石川県・能登半島には、豊かな自然と人々が共存する「里山里海」と呼ばれるエリアがあります。2024年1月の能登半島地震では甚大な被害を受け、人々の生業も一変しました。その復興に向け、JICAは自治体や被災者と共に活動しています。現地で奮闘する人々の姿を通し、震災から2年を迎える能登の今を伝えます。

カキの養殖現場に同行するJICA北陸能登復興担当の寄慶一さん

里山里海で生産者に伴走するJICA

冬の石川県・能登半島。早朝の漁港に、定置網にかかった魚が次々と揚がってきます。

「今年は猛暑で海水温が高くなりましたが、魚種や漁獲高に影響はありますか?」

水揚げした魚の選別作業を見ながら漁業事業者に声を掛けているのは、JICA北陸能登復興担当、寄慶一さんです。漁業や林業の現地調査をしながら、地域を支える生業としての付加価値を高めるため、相談に乗っています。

寄さんは、日本国内の地域課題に取り組む「地域のJICA窓口」の役割を担っています。
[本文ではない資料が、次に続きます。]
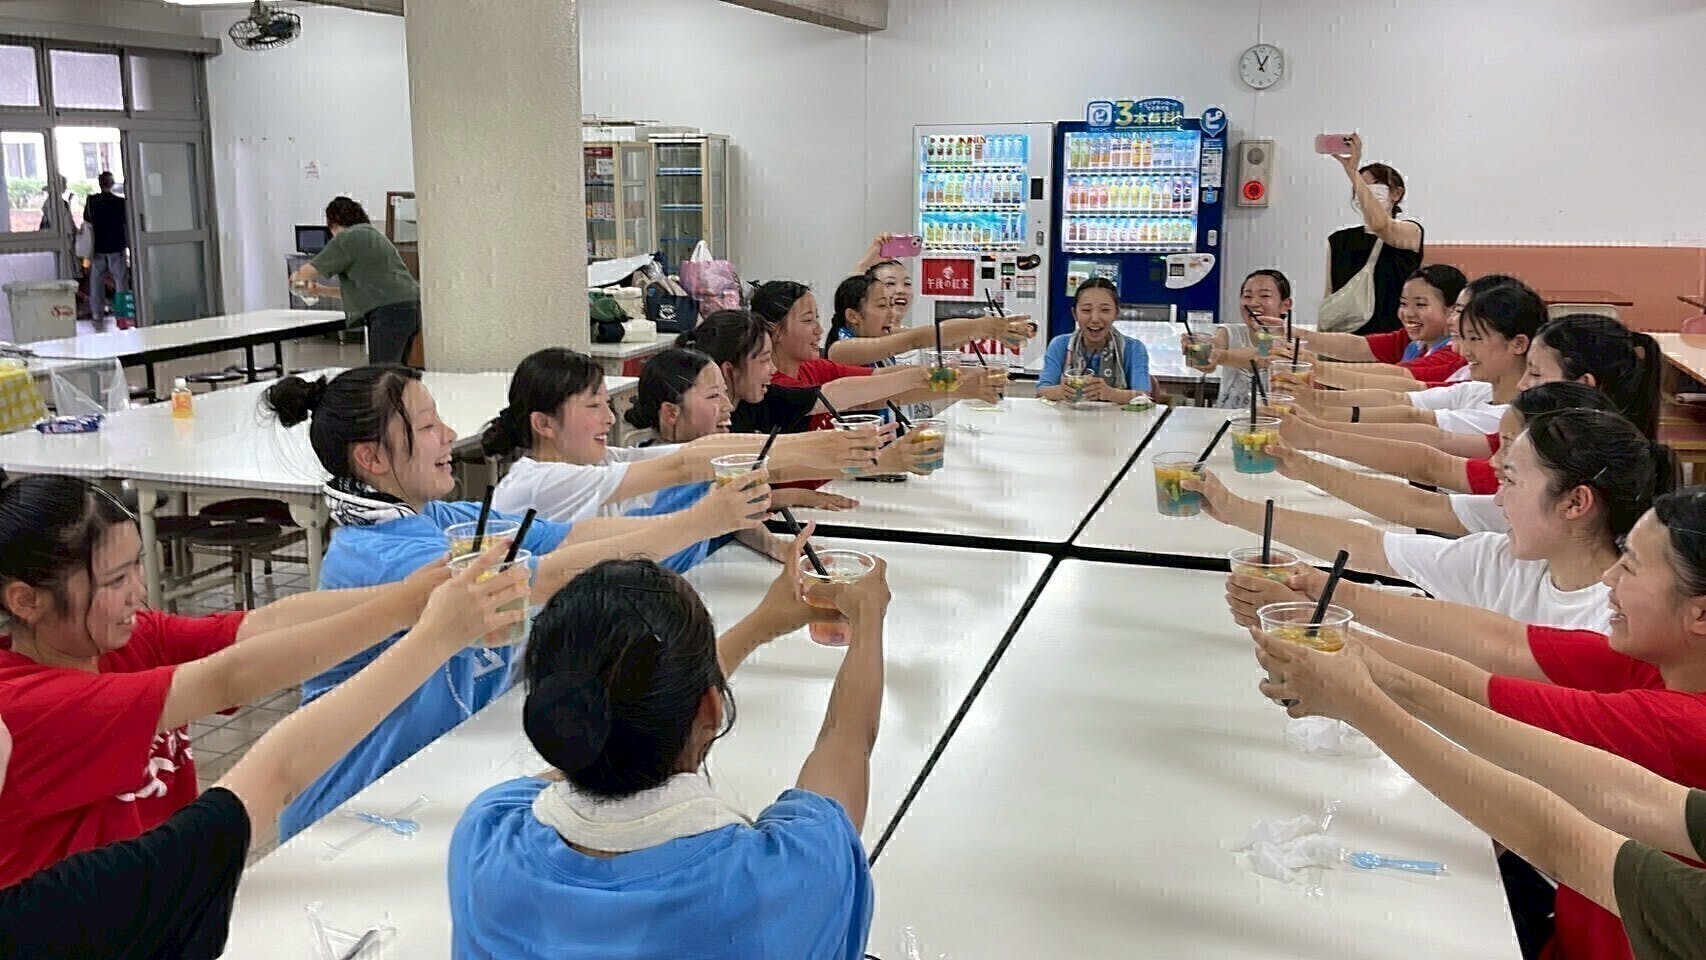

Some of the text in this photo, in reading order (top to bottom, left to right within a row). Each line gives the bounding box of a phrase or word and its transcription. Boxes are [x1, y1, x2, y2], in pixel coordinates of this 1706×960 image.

[927, 278, 969, 290] 午後の紅茶
能登の被災地では、「里山里海を活用した生業の持続可能な復興」の分野で、JICAが一定の役割を果たすことが期待されています。

大手総合商社の食品担当だった寄さんがJICAに転じたのは、2024年12月でした。10年以上勤めた会社を退職し、東京から石川県に移住した背景には、能登への並々ならぬ思いがありました。

世界農業遺産に爪痕

地震と豪雨で倒木やがれきが堆積(たいせき)した石川県輪島市の海岸

豊富な海の幸を育む日本海、広大な棚田、勇壮な祭りや伝統工芸、発酵食文化……。日本の原風景が残る「能登の里山里海」は2011年6月、国連食糧農業機関(FAO)から、日本初の世界農業遺産に認定されました。

一方で能登の里山里海は、課題も抱えていました。深刻な過疎化や高齢化で1次産業の担い手が減り、地球温暖化による自然環境の変化も、人々の生業に深刻な影響を及ぼしていました。

そこに追い打ちをかけたのが、2024年1月の能登半島地震でした。加えて同年9月の豪雨も、人々の復旧復興への希望を打ち砕きました。地割れが生じた水田は耕作放棄地となり、山は倒木と崩落で荒れました。海はがれきや土砂が流入し、魚を育む藻場は壊滅状態になりました。多くの人が先の見えない日々を過ごしています。

寄さんは言います。

「ただ元に戻すだけでなく、復興のためには地域を支える、創造性のある事業を生み出し続ける必要があります」


地震と豪雨で崩落した石川県輪島市の海辺の集落

総合商社からの転身

東京生まれの寄さんは、幼い頃から父の実家がある穴水町をたびたび訪れ、里山里海の豊かさに魅了されました。夏はキリコ祭りの手伝い。巨大な灯籠(とうろう)「キリコ」が町を練り歩く祭りは能登各地に伝わり、地域の人々の誇りでもありました。

「都会とは違い、食卓に並ぶコメも魚も生産者の顔や自然の風景とつながっています。能登の友人も増えたことで、いつか能登に帰るんだと考えるようになりました」。大手総合商社で食品畑を歩いてきたのも、里山里海の生業に関わる仕事を始めた時、地域の役に立つとの思いがあったからです。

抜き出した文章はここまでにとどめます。